Não que vocês tenham perguntado, mas o autor deste texto trabalhou como vendedor ligado a uma companhia de seguro-saúde por um breve período nos anos 1990. Os poucos meses em que exerci o ofício me ensinaram muitas coisas _ a principal delas: não importa o que tenha dito o vendedor, leia com atenção as apostilas informativas e os contratos. Às vezes a pílula que o cara dourou tem um gosto amargo na hora em que você descobre o que comprou de fato. Outra coisa interessante: o consumidor geralmente enxerga o seguro como um produto problemático, uma garantia que você a contragosto paga torcendo para não usar. É comum ouvir o resmungo: "bá, mas pagar esse dinheiro todo pra não usar?"
Da mesma raiz vocabular, segurança é aquele ramo da administração pública que, em um mundo ideal, talvez devesse ser pautado pela mesma lógica prevenida.

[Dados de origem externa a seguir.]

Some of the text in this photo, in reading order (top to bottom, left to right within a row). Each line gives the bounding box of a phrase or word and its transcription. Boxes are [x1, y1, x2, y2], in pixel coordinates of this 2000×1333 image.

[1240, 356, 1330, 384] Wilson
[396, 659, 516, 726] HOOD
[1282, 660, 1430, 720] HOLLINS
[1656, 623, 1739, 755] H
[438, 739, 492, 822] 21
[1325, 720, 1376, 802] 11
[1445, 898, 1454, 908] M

O conceito é simples: não é porque a polícia é o braço do Estado para o exercício da força que ela deva efetivamente ser usada para isso.
Em um país com a formação violenta e autocrática do Brasil, não admira que a força policial seja um recurso visto como algo a ser usado, como visto nas lamentáveis cenas de professores apanhando em plena rua em Curitiba. Policiamento ostensivo seria uma solução de longo prazo, feita por agentes policiais de formação menos brutal, mas aí pode- se ouvir certos políticos fazendo a mesma pergunta que muitas vezes ouvi enquanto apresentava os prospectos: "Bá, mas pagar esse dinheiro todo pra não usar?". O irônico é que, ao contrário do comprador de seguros, o Estado muitas vezes nem sequer paga direito, ou em dia.

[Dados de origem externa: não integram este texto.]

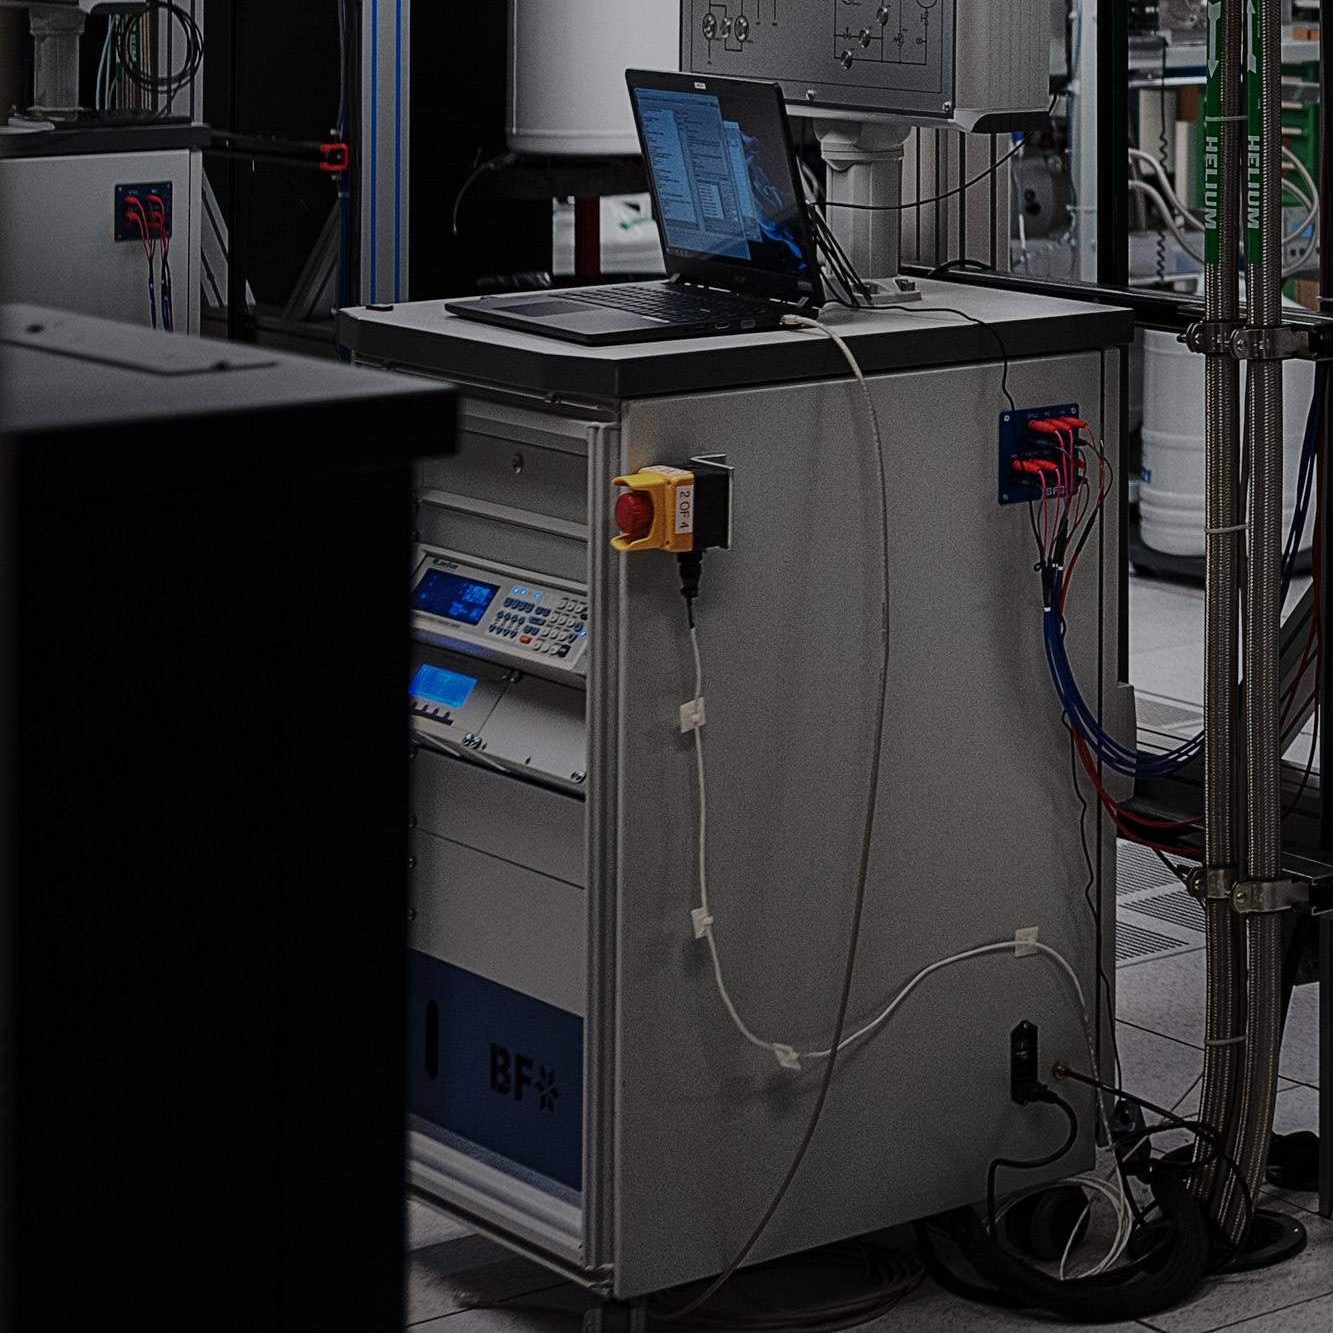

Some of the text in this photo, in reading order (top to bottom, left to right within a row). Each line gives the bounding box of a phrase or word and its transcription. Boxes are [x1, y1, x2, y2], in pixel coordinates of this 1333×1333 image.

[1205, 136, 1218, 229] HELIUM
[1248, 135, 1260, 229] HELIUM
[680, 501, 690, 519] OF
[490, 1042, 533, 1101] BF

Críticas à estrutura da polícia costumam ser rebatidas com frases feitas. A mais divertida talvez seja "quando te assaltarem, chama o Batman". Os aloprados que repetem isso não entendem seu próprio exemplo, já que o Batman é a solução ficcional para uma Gotham imaginária com os mesmos problemas de nosso país real, um deles uma polícia corrupta e truculenta. A polícia deveria ser bem equipada, seus agentes deveriam ter um salário que lhes permitisse viver com dignidade e aprimorar-se na função que escolheram: não de descer o cacete, mas estar ali.
Num país menos aos pedaços do que o nosso, a polícia seria um seguro comunitário: escolhe-se o melhor, paga-se em dia, mas não se usa para qualquer coisa.
E, em alguns casos, torce-se para nunca usar.